I don't know about you, but I have ruined a LOT of expensive shrimp over the years by not cooking it properly. I have been known to turn $20 dollars worth of beautiful raw shrimp into a bowl of shrimp that "chew like erasers"!!  Very frustrating for sure!!

Well, not any more, my friends!! I have found the easiest, quickest, most fool proof and certainly most delicious way to cook RAW shrimp. Where has this recipe been all my life?? Am I the only one who didn't know this trick?

1 cup cold water
2 cups ice (I just used an ice cube tray full)
1/4 cup kosher salt
1/4 cup white sugar

Mix the brine ingredients well, then add 1 to 1½ pounds of large size shrimp (roughly 25 shrimp to the pound) that have had the head and shells taken off and the back vein removed (leave the tails on if you want).

Stir gently to make sure the brine reaches all of the shrimp evenly, then chill in the fridge for 30 minutes.

After 30 minutes, drain the shrimp and rinse well under cold running water.  Drain and blot dry with paper towels (keep the shrimp cold while you heat up your broiler).

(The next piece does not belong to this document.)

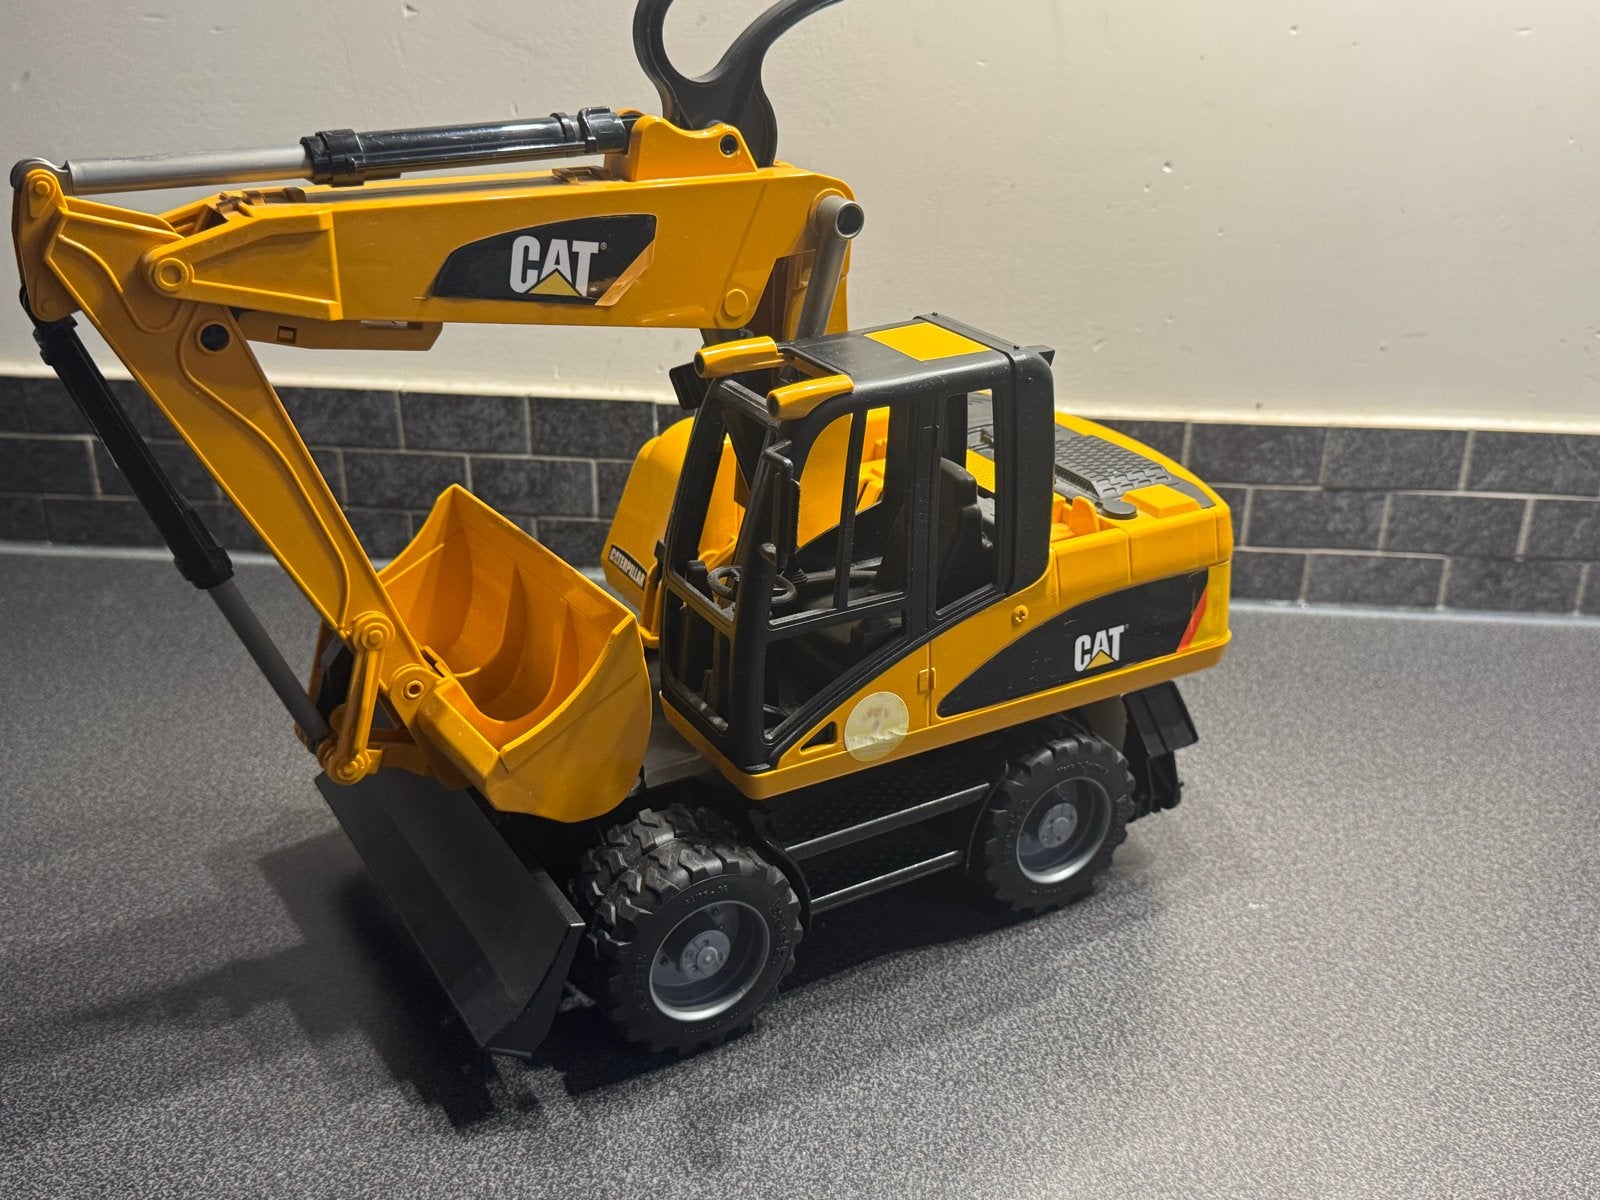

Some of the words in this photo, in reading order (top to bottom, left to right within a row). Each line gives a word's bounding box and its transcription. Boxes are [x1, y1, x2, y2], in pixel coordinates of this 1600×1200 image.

[510, 235, 599, 297] CAT
[610, 547, 646, 588] CATERPILLAR
[1074, 624, 1125, 672] CAT

When your broiler is turned on high and "going full blast", put a baking sheet (with NOTHING on it) under the broiler for a full five minutes.
While the pan is heating up, put 1 tablespoon olive oil in a bowl and add 1/4 teaspoon black pepper and 1/8 to 1/4 cayenne pepper (but no salt because the shrimp will still have a little salt from the brine on them). Stir until well mixed and then add the shrimp and gently toss to coat all sides of the shrimp.
After the pan has pre-heated under the broiler for five minutes, put the shrimp on it (they will sizzle). Quickly put the shrimp back under the broiler.

Broil (6" away from the flame) for 2 minutes, then flip the shrimp over, and broil for one more minute.
Remove the shrimp from your broiler, AND TAKE THEM OFF OF THE PAN IMMEDIATELY(or they will continue to cook and get rubbery). That's it!! Easy as pie.
Shrimp cooked with this method are extremely tender and flavorful. This is a great technique for ANY recipe that calls for pre-cooked shrimp.  It is also a GREAT method to cook shrimp for a big crowd!!